No, as a class ACE inhibitors can not slow the rate of cognitive decline. But, a subclass of ACE inhibitors that cross the blood-brain barrier may be helpful.
This comes from a study published in the most recent issue of the Achieves of Internal Medicine. We know that hypertension is a risk factor for dementia. We also have animal studies that suggest that centrally acting ACE inhibitors (those that cross the B-B barrier) may protect against dementia, above and beyond solely hypertension control.
ACE inhibitors that are categorized as centrally acting include:
● captropril (Capoten®)
● fosinopril (Monopril®)
● lisinopril (Prinivil® or Zestri®)
● perindopril (Aceon®),
● ramipril (Altace®)
● trandolapril (Mavik®)
Participants in the Cardiovascular Health Study Cognition Substudy with treated HTN and no diagnosis of congestive heart failure (n = 1054; mean age, 75 years) were followed up for a median of 6 years to determine whether cumulative exposure to ACE inhibitors (as a class and by central activity), compared with other anti-HTN agents, was associated with a lower risk of incident dementia, cognitive decline (by Modified Mini-Mental State Examination [3MSE]), or incident disability in instrumental activities of daily living (IADLs).

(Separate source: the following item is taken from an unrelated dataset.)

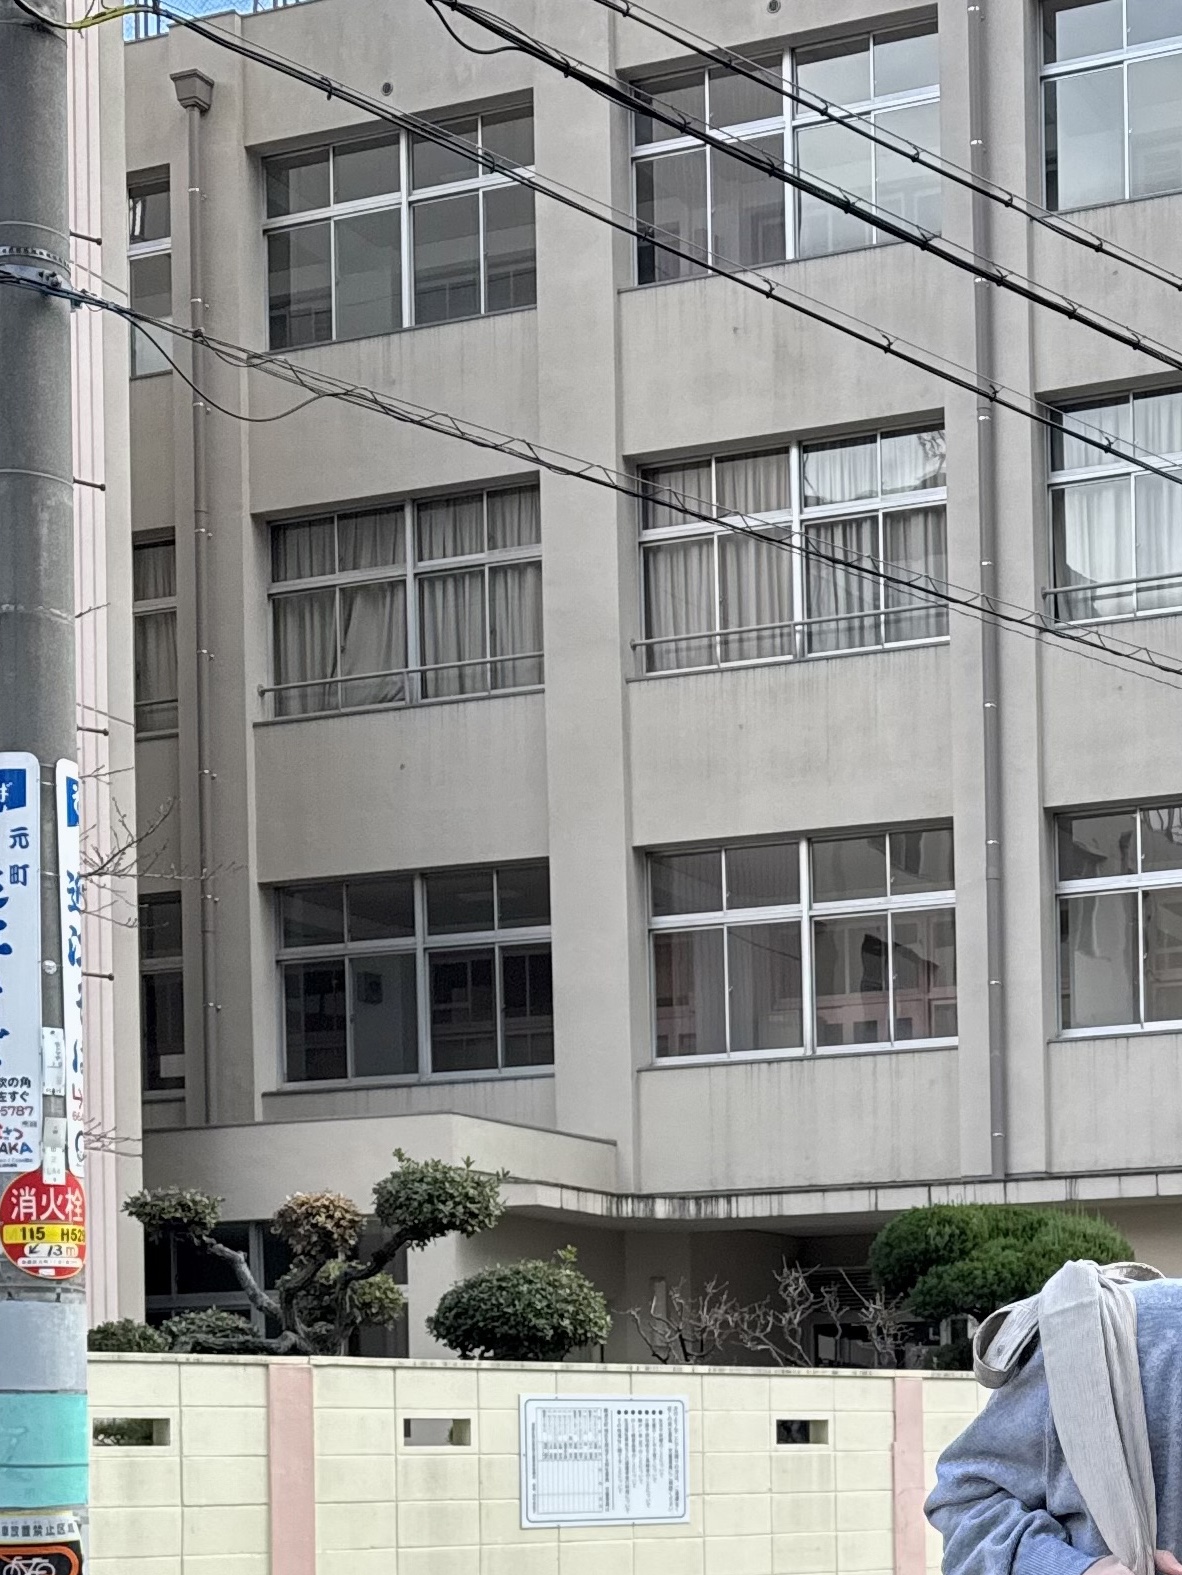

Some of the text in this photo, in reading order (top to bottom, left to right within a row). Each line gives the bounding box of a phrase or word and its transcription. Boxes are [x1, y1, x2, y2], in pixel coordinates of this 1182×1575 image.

Among 414 participants who were exposed to ACE inhibitors and 640 who were not, there were 158 cases of incident dementia. Compared with other anti-HTN drugs, there was no association between exposure to all ACE inhibitors and risk of dementia. However, centrally active ACE inhibitors were associated with 65% less decline in 3MSE scores per year of exposure (P = .01).
CONCLUSION: As a class ACE inhibitors did not appear to slow the rate of cognitive decline. Centrally acting ACEi may be of benefit, but studies need to be repeated and confirmed with a randomized controlled trial on a larger scale.